Deze studie zou er ook kunnen gekomen zijn op vraag van de EMA:www.ema.europa.eu/en/documents/produc...
Treatment with filgotinib was associated with dose-dependent increases in lipid parameters, including total cholesterol, and high-density lipoprotein (HDL) levels, while low-density lipoprotein (LDL) levels were slightly increased (see section 4.8). LDL cholesterol returned to pre-treatment levels in the majority of patients who started statin
therapy while taking filgotinib. The effect of these lipid parameter elevations on cardiovascular morbidity and mortality has not been determined
(see section 4.2 for monitoring guidance).
No clinical studies have been performed to investigate interactions with OATP1B1 and OATP1B3 substrates.

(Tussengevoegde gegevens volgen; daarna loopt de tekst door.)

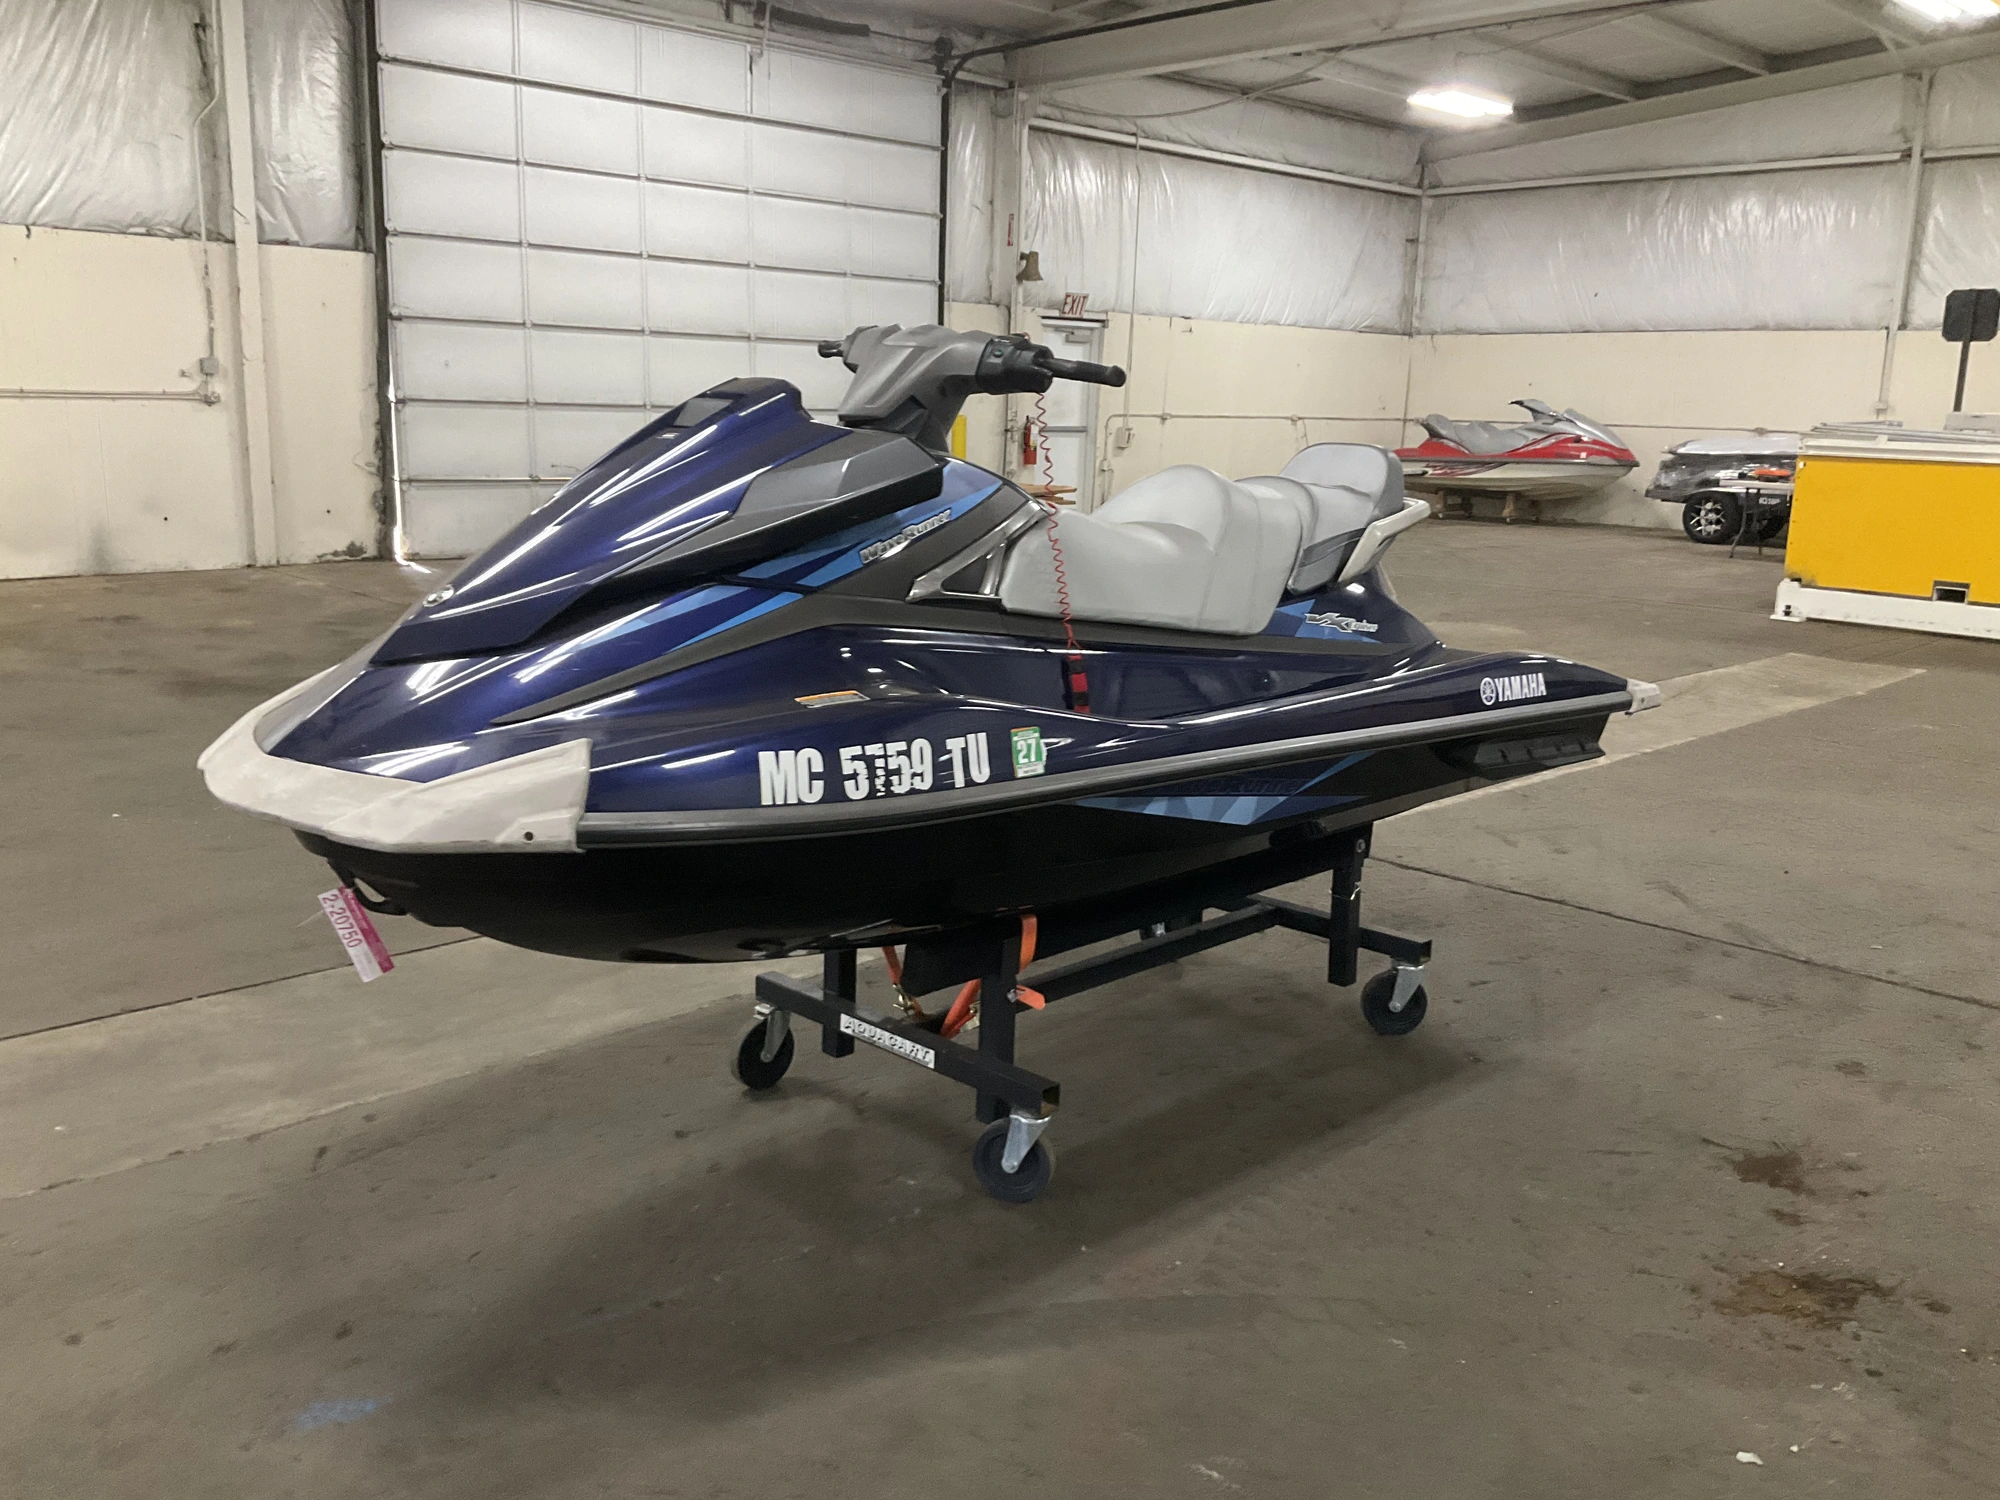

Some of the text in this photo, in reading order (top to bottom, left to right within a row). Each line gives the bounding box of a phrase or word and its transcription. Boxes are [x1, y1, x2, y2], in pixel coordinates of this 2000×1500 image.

Therefore, it cannot be excluded that co-administration of filgotinib with OATP1B1 or OATP1B3 substrates may increase their exposure and the risk of adverse events. Co-administration with sensitive OATP1B1 or OATP1B3 substrates (e.g., valsartan, statins
) is therefore not recommended.
Other medicines and Jyseleca
Tell your doctor or pharmacist if you are taking, have recently taken or might take any other medicines, especially if you use medicines that affect your immune system (such as azathioprine, ciclosporin and tacrolimus).
It is also very important to talk to your doctor of pharmacist if you are taking any of the following:
• medicines to treat heart failure, coronary disease or high blood pressure (such as digoxin, diltiazem, carvedilol or valsartan)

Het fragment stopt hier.